Facundo Tisman cursa quinto grado en el St. Luke's College y para estas vacaciones tendrá que leer, como todos sus compañeros, algunos cuentos del libro El negro de París, de Osvaldo Soriano. También deberá hacer tiempo para sumergirse en la lectura de una pequeña novela en inglés. "Nuestra escuela es bilingüe de jornada completa con un ritmo de aprendizaje bastante intenso. Por esta razón, desde algunos años, decidimos no pedir tareas para las vacaciones. Durante estos días, privilegiamos el tiempo de ocio. Creemos que es importante que los chicos puedan encontrarse con su tiempo libre, con la creatividad, la espontaneidad", explica Alejandra Mizrahi, directora de nivel primario del Beth. El Colegio Palermo Chico y el Florida Day School también adhieren con esta política.

Para Grace Horne, directora de la Escuela del Sol, muchas veces las tareas escolares en el receso sirven para que un chico no repita de grado: "Estas consignas evitan un insuficiente en el boletín. Algunos alumnos tienen mayores dificultades de aprendizaje que otros. Durante el receso, a estos chicos les enviamos ejercicios para que practiquen. La idea no es castigar al que no sabe, sino que aprenda".

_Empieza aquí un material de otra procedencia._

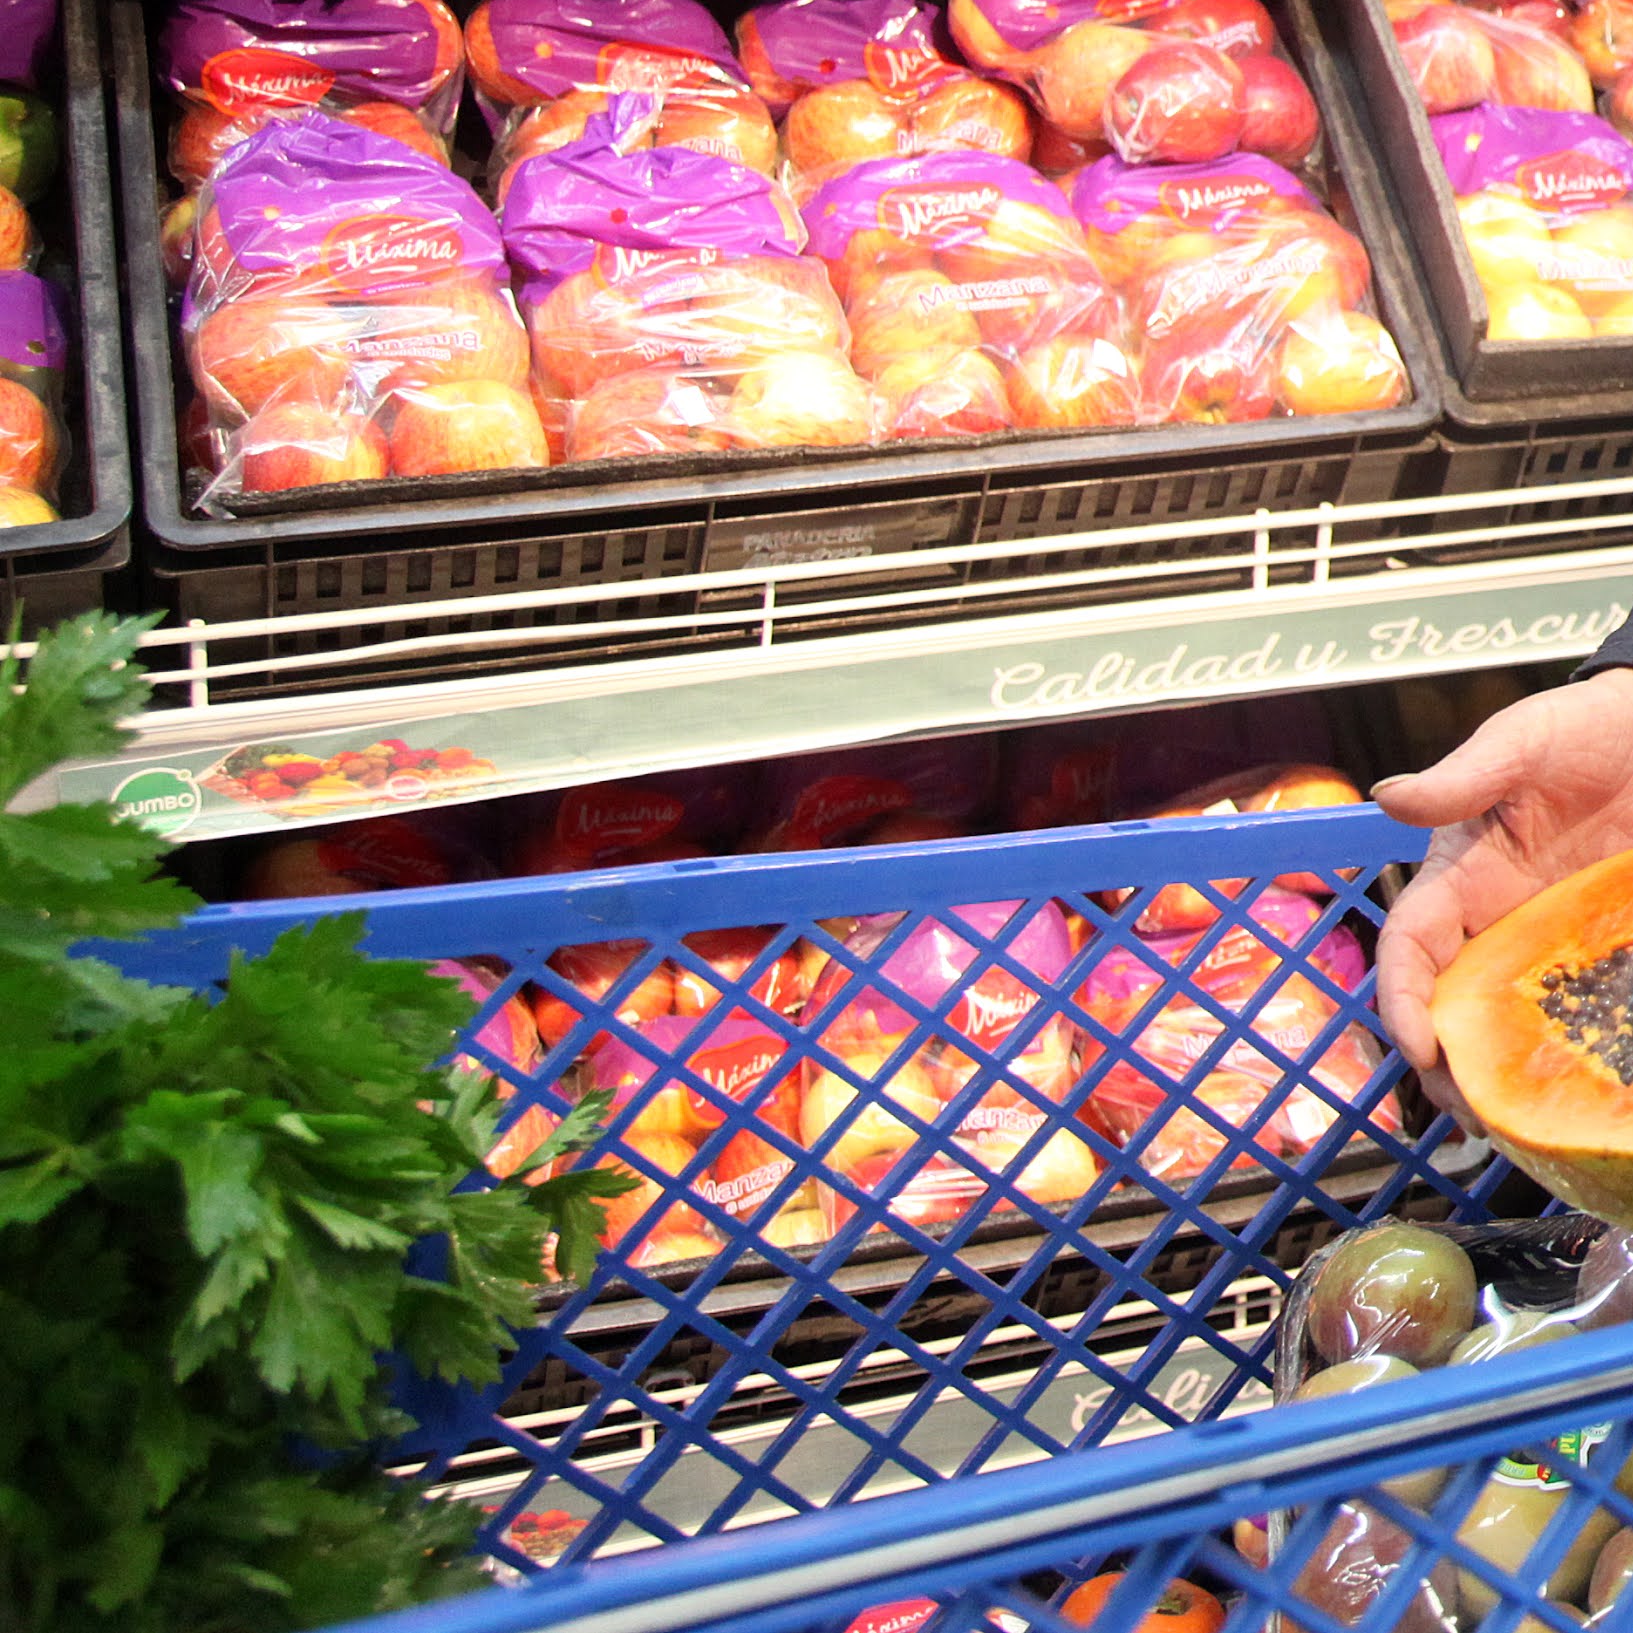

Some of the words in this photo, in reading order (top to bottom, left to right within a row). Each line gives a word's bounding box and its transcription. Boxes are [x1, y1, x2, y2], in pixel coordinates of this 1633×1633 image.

La cuestión central respecto a la tarea escolar durante estas dos semanas pasa, en gran medida, por el tipo de ejercicio que se le pide al alumnado. Para Anijovich, el problema es pensar la tarea como una suerte de castigo. "La propuesta puede ser creativa, desafiante. Si el trabajo que deben hacer es grupal, es una herramienta para que los chicos socialicen", sostiene.

"Lo interesante es invitar a los chicos a indagar en el mundo educativo, pero no en el sentido escolar. Si les proponés libros, películas, salidas como un entretenimiento es una apertura al mundo, sale de la lógica tradicional y es una invitación que se hace desde el espacio escolar. Hay que guiarlos para que el entretenimiento tenga un valor agregado y que sea algo más rico que sentarse a hacer ejercicio de matemáticas de manera repetitiva", propone Vázquez.

En días donde los chicos tienen ganas de divertirse, la tarea también tiene que ir en línea con este deseo. El reto pasa por brindar al estudiante un tipo de ejercicio que lo interpele y que lo acerque al mundo del conocimiento desde un costado más lúdico.